A man stands looking out at a wide view.
A backpack hiker takes in the view of the White Mountains from Indian Head (Mount Pemigewasset) at Franconia Notch State Park in New Hampshire. 
Photograph By Christian Heeb/laif/Redux

Thinking about Acadia?
Try Camden Hills State Park, Maine

Camden Hills State Park, located 70 miles away from Acadia National Park, offers travelers the same elevation and coastal views that make its national park neighbor a classic, without the need for shuttles and the crowds that come with Acadia’s annual visits of over 4 million people. 

In the state park, oak and ash woodlands blend with evergreen forests on ridges rising above Penobscot Bay, spanning over 5,000 acres of parkland. Campers can wake to the sounds of the sea, stroll through groves on the lookout for birds, and take a hike up Mount Battie. The mount has coastal views that rival any in Acadia, including vantage points to spot the more famous national park’s Cadillac Mountain on a clear day.

(10 of the best state parks in Maine)

A person with a red puffer coat sits atop a peak looking over a landscape of trees transitioning from green to hues of orange and brown.
A woman gets a panoramic view of the city of Camden and the Atlantic Ocean while visiting Camden Hills State Park in Maine.
Photograph By Kendall Rittenour/Shuttterstock

Thinking about Olympic National Park?
Try Harris Beach State Park, Oregon

Washington’s Olympic National Park encompasses three distinct landscapes: wild Pacific coastline, mountains, and temperate rainforests.
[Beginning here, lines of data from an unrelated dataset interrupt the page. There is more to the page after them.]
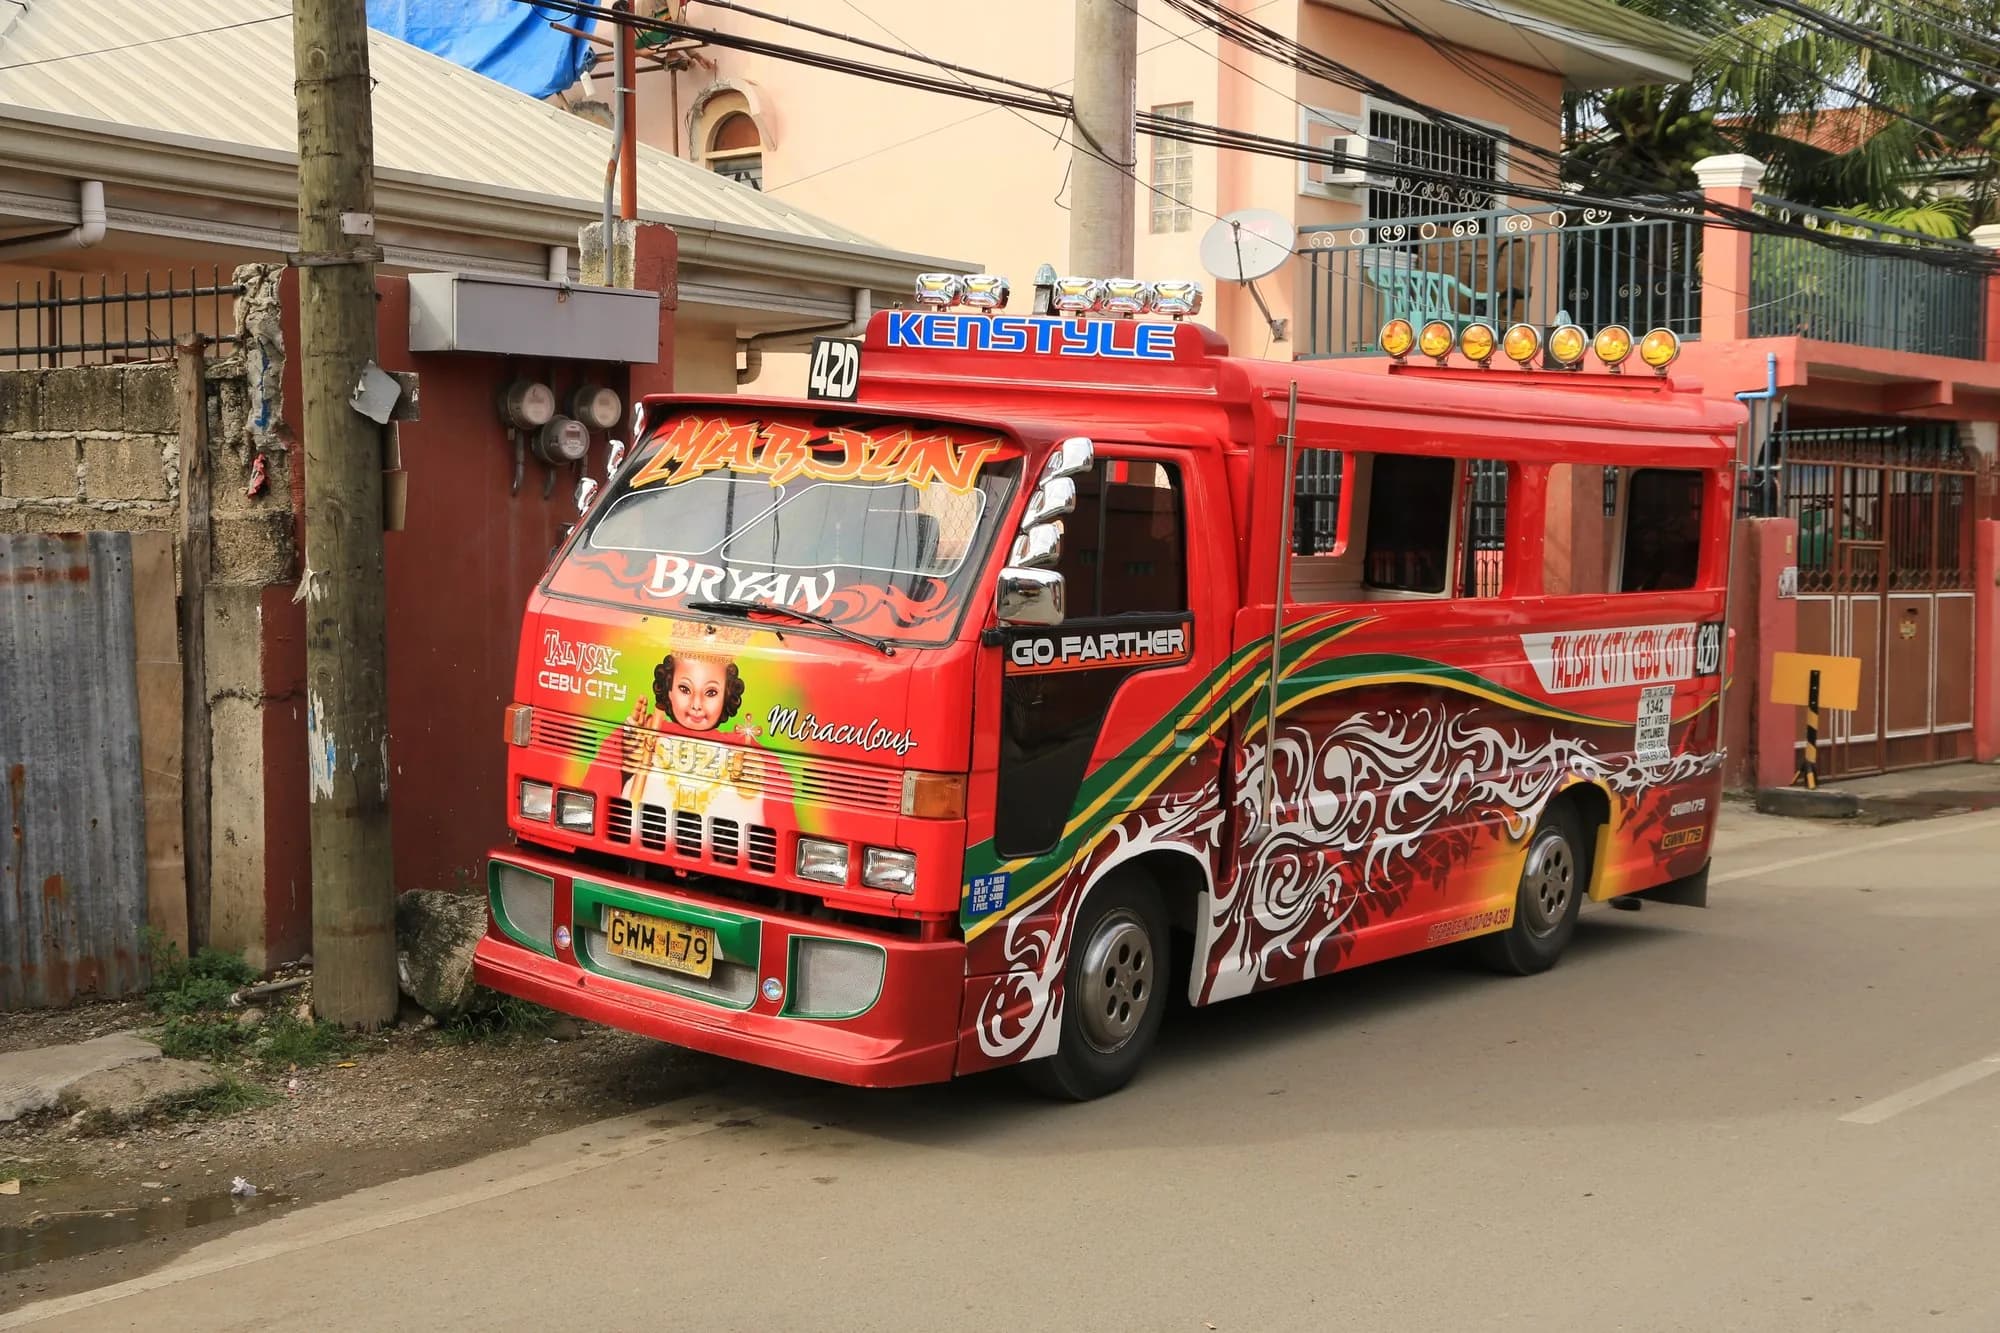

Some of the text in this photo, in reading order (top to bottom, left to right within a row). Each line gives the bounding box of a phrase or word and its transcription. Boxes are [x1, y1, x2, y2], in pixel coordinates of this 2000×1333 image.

[887, 311, 1177, 361] KENSTYLE
[810, 341, 860, 399] 42D
[629, 415, 1003, 495] MARJUN
[642, 553, 836, 614] BRYAN
[544, 628, 622, 675] TALISAY
[1011, 628, 1185, 666] GO FARTHER
[1552, 626, 1695, 690] TALISAY CITY CEBU CITY
[538, 670, 627, 702] CEBU CITY
[1646, 699, 1664, 714] 1342
[766, 703, 919, 756] Miraculous
[1638, 716, 1651, 728] TEXT
[1654, 714, 1669, 726] VIBER
[612, 918, 656, 954] GWM
[665, 930, 708, 966] 179
Outside of Alaska, it’s hard for other public lands to compare, but a state park and its immediate surroundings in the southern corner of Oregon come close.  

Harris Beach State Park’s sea stacks epitomize the Pacific Northwest coast. While the main road ramps down to easy coastline access, the Rockaway Beach Trailhead’s steep descent yields hidden tidepools in front of the notched Goat Island. Search for sea stars, anemones, and crabs as waves crash through the gap in the rocky outcrop. To the immediate north, the area offers more cliff walks and a natural stone arch bridge.
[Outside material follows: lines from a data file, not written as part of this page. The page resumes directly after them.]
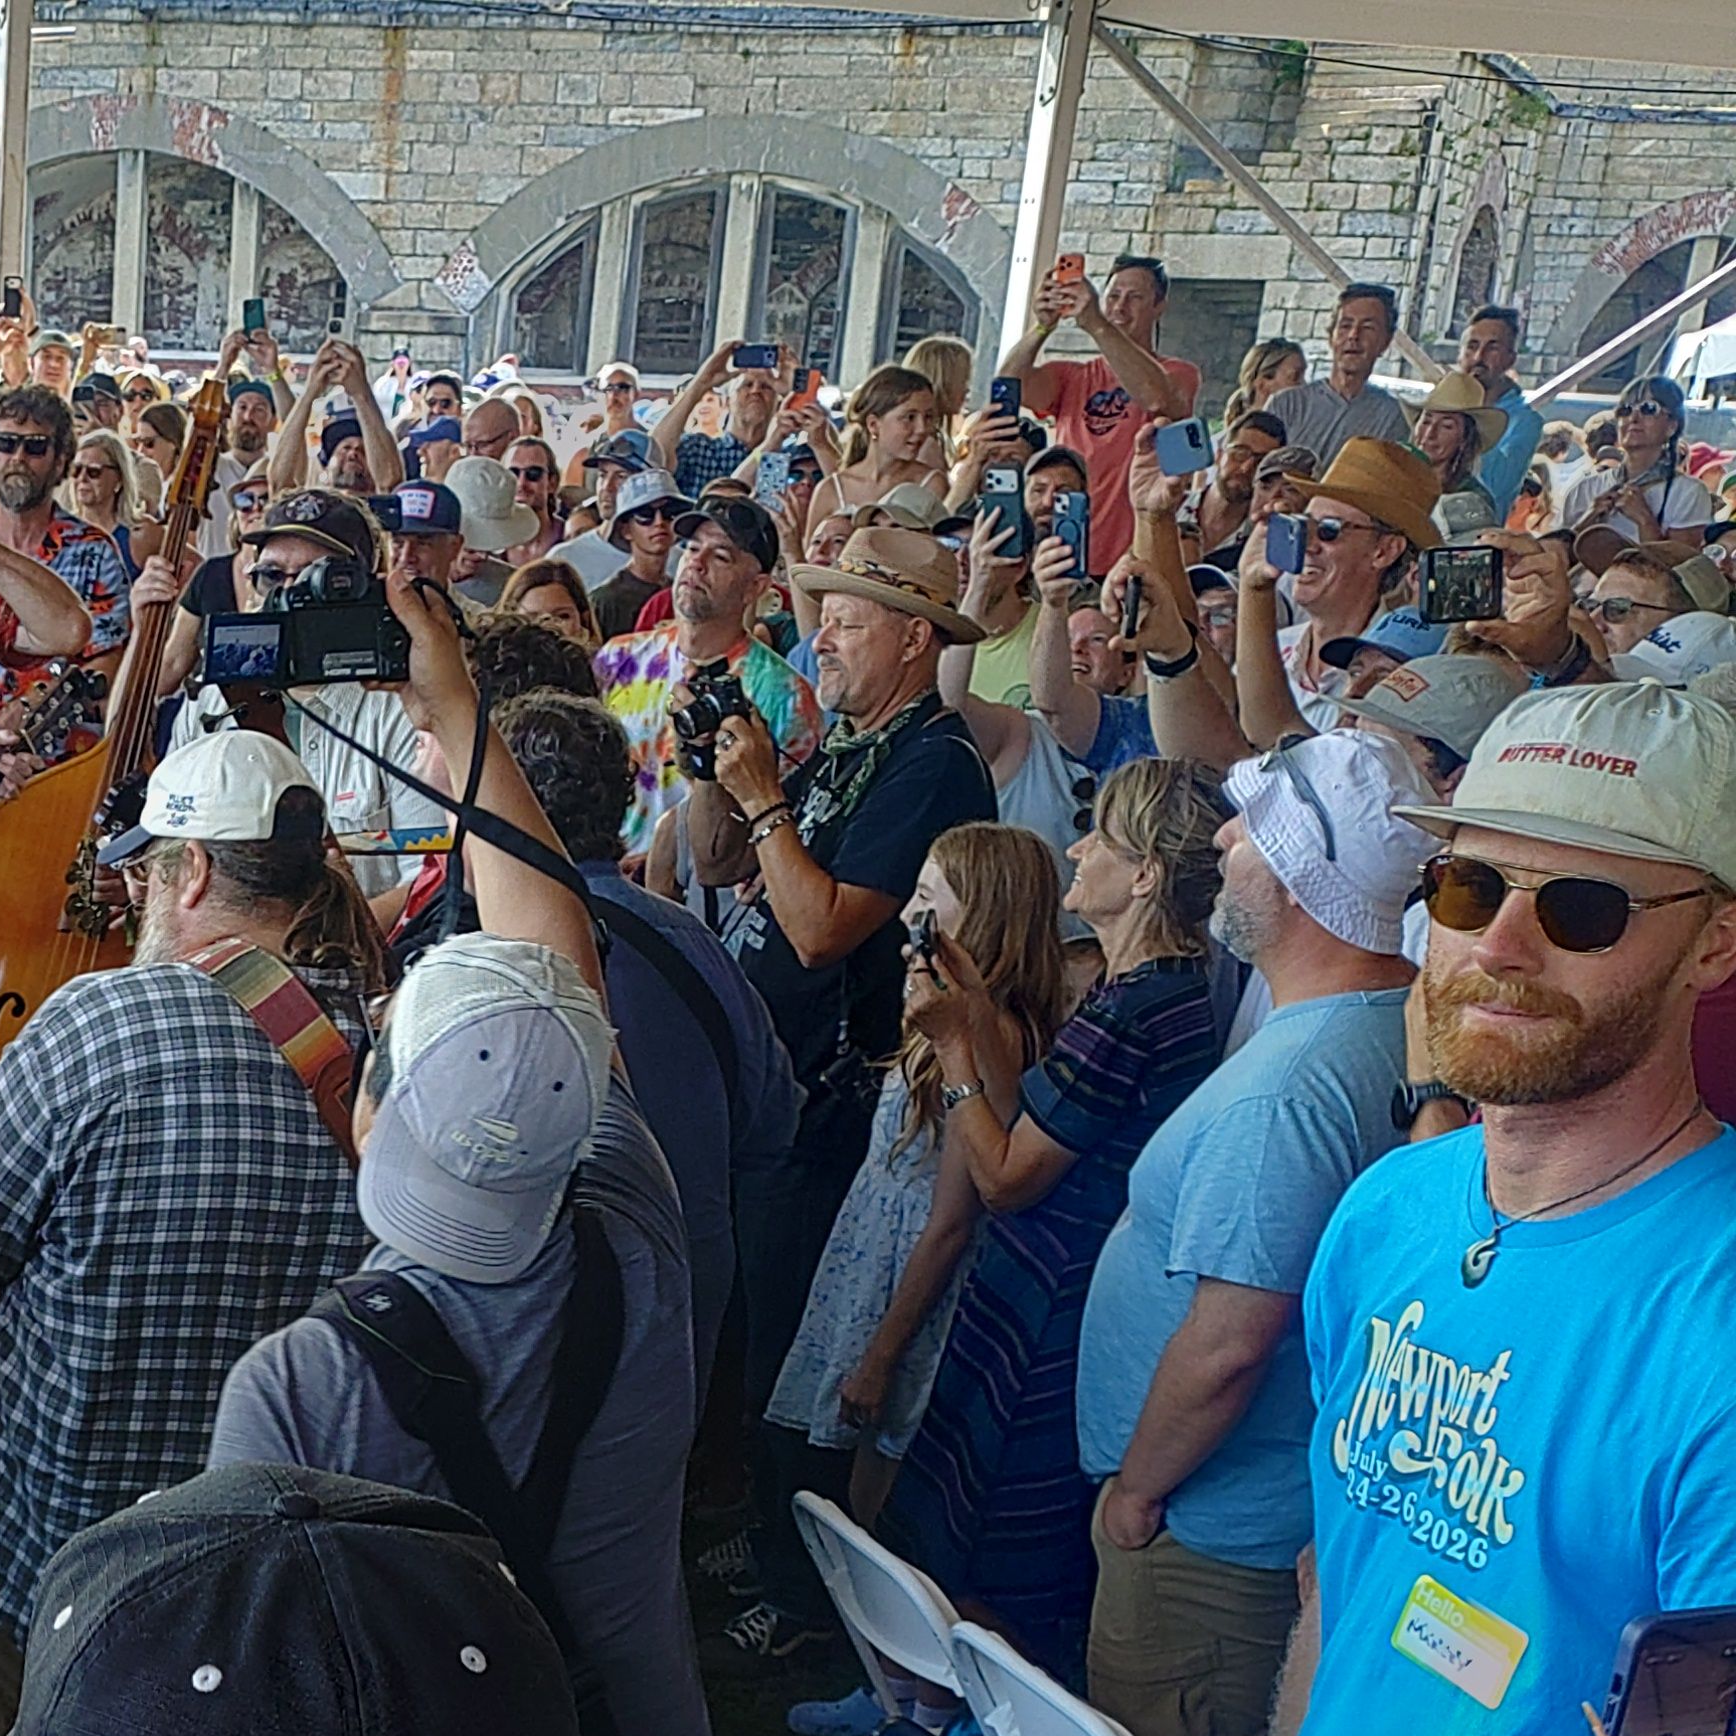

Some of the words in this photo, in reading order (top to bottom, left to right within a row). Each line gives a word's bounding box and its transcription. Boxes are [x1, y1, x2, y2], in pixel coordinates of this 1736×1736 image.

[1568, 748, 1638, 778] LOVER
[1334, 1300, 1513, 1474] Newport
[1349, 1441, 1388, 1482] July
[1388, 1426, 1524, 1545] Folk
[1414, 1509, 1489, 1570] 2026
[1415, 1583, 1464, 1628] Hello
The nearby Klamath Mountains and California’s Jedidiah Smith Redwoods State Park—just 30 minutes south—complete the Olympic-experience trifecta. 
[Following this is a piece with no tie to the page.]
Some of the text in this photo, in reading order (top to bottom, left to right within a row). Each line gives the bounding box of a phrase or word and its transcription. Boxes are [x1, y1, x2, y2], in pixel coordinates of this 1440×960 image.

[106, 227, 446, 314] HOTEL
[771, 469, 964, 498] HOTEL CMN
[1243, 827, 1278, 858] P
(Explore the Oregon Coast–but don’t touch the ‘dragon toes’)

The pastel colored sky and clouds are mirrored in the shallow water on a beach with large formations scattered across the beach.
Parkgoers have their pick of three beaches—Harris Beach, Rock Beach, and South Beach—when visiting Harris Beach State Park in Oregon.
Photograph By Dennis Frates/Alamy

Thinking about Joshua Tree?
Try Catalina State Park, Arizona

Branching yuccas, better known as the namesake Joshua trees, beckon visitors to this park’s surreal, scrabbly rock landscape. Coupled with proximity to Southern California’s metropolises, traffic stacks up at Joshua Tree National Park. 

A woman walks along a small dirt path surrounded by grass and yellow flowers.
A woman walks past a large field of orange and yellow poppies and wildflowers found along the 50-Year Trail at Catalina State Park near Tucson, Ariz.
Photograph By B.A.E. Inc./Alamy

Instead, Catalina State Park, just 30 minutes north of Tucson, is a Sonoran Desert stunner, underrated even when compared to the nearby Saguaro National Park. The Santa Catalina Mountains rise dramatically not far from the trailheads, but at the right angle, towering Saguaro cacti can seem even higher. Keep your eyes out for bighorn sheep, roadrunners, lizards, and those foraging pig-like peccaries, the javalinas, running around in the cholla cacti and palo verde. Campers can watch the Catalinas’ sunset glow give way to the rewards of nearby Tucson’s Dark Sky status. Visit in winter and early spring when colorful wildflowers beautify the desert, and seasonal creeks and waterfalls fill the mountain pools.